Professor Molly Ladd-Taylor, with the Department of History has received a 2020 Insight Grant from the Social Sciences and Humanities Research Council (SSHRC) for $86,717. Her new research is titled, “Damaged children: Innocence, inequality, and the politics of poverty in the postwar United States, 1950 to 1990.”

This new project builds on her research related to child-rearing, the politics of motherhood, child welfare, and family. She will examine early postwar concepts of “innocent children” and the persistence of eugenics in popular thinking about “bad” kids. Her project has two goals: to develop a national history that places contested ideas about the nature of childhood at the centre of postwar political realignments and an increasingly punitive state, and to explore the role that images of “bad” or damaged children played in justifying policies directed to poor and racialized youth.

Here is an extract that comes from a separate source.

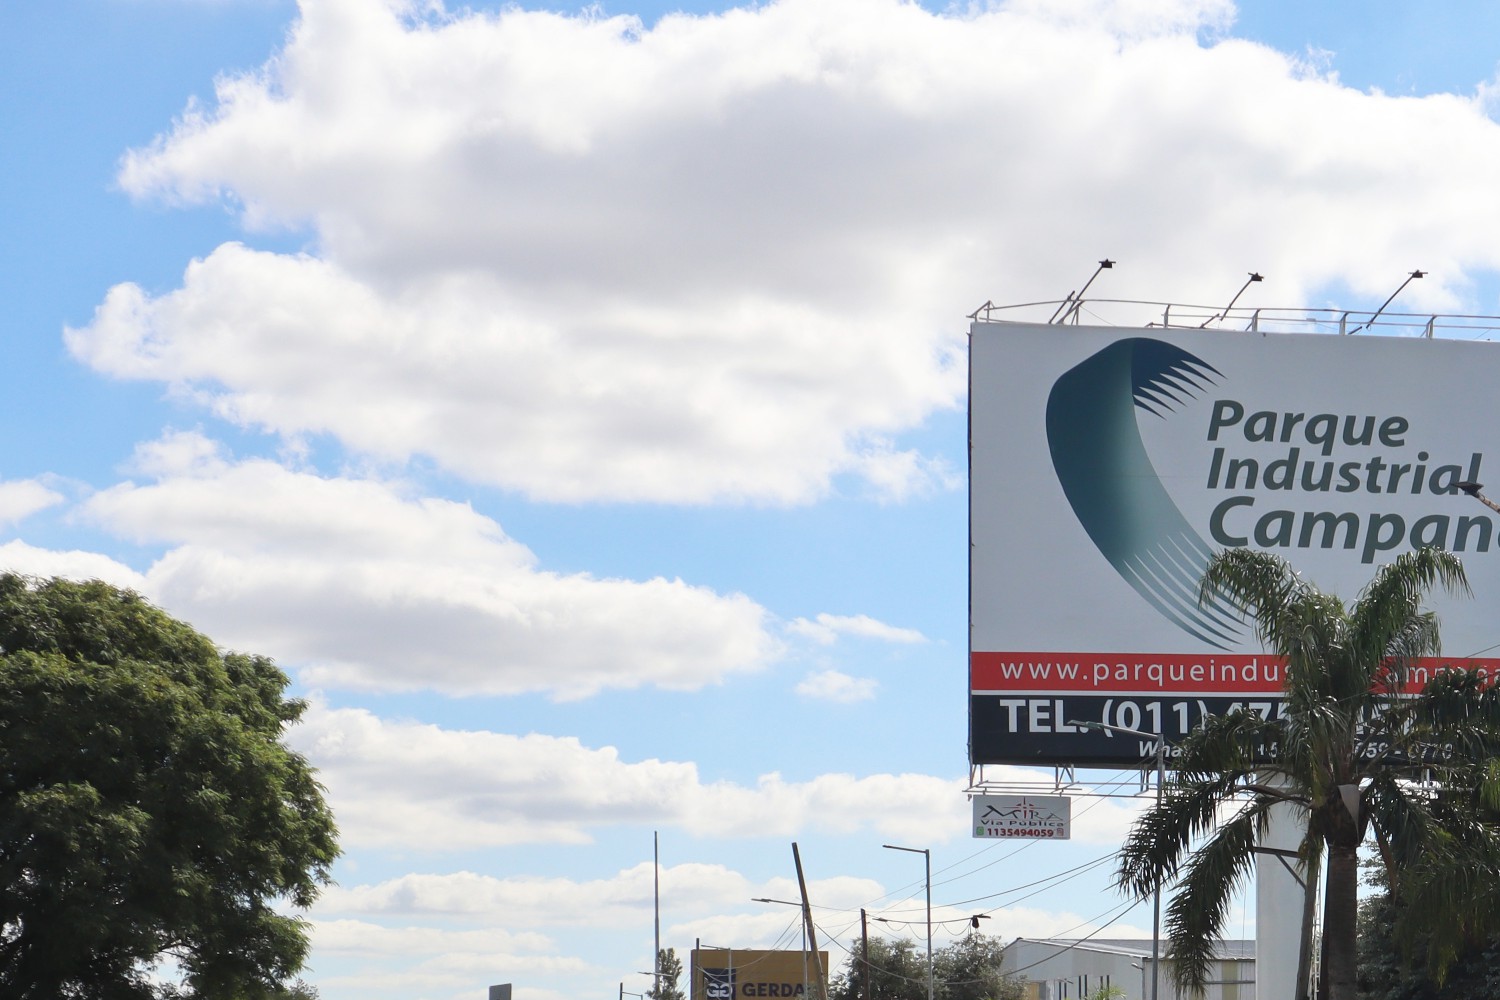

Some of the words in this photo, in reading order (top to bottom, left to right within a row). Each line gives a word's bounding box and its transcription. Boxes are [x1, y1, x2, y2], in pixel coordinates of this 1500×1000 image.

It is a four-year research project that will investigate the cultural ideas and social policies for disadvantaged children and youth during a period of major economic, social, and political change. Professor Ladd-Taylor will be the Principal Investigator and will develop a set of interlinked case studies, which provide a panoramic perspective on so-called “damaged children” by juxtaposing different types of children usually studied separately: those labeled delinquent, culturally deprived, mentally disabled, and emotionally disturbed.

Ladd-Taylor says that there is a vast scholarship on “bad” kids that analyzes juvenile justice and education reform primarily through the lens of race. The proposed project will add a new dimension to this literature by adding disability as a key category of analysis. It will begin in 1950, when eugenic and biological explanations for children’s problems gave way to a new emphasis on psychology, environment, and cultural deprivation. The project’s scope will end in 1990, when get-tough school and juvenile delinquency policies were well established. The framework of disability shows how poor Black and brown kids were labeled damaged, disturbed, or learning disabled and enriches our understanding of U.S. history.

The main output of the research will be a scholarly book-length study that explores different types of damaged children in US political culture during the aforementioned 40-year timespan – thus, providing a new framework for understanding recent US history and a historical intervention into urgent public-policy debates about child poverty, juvenile justice, mental health, and special education.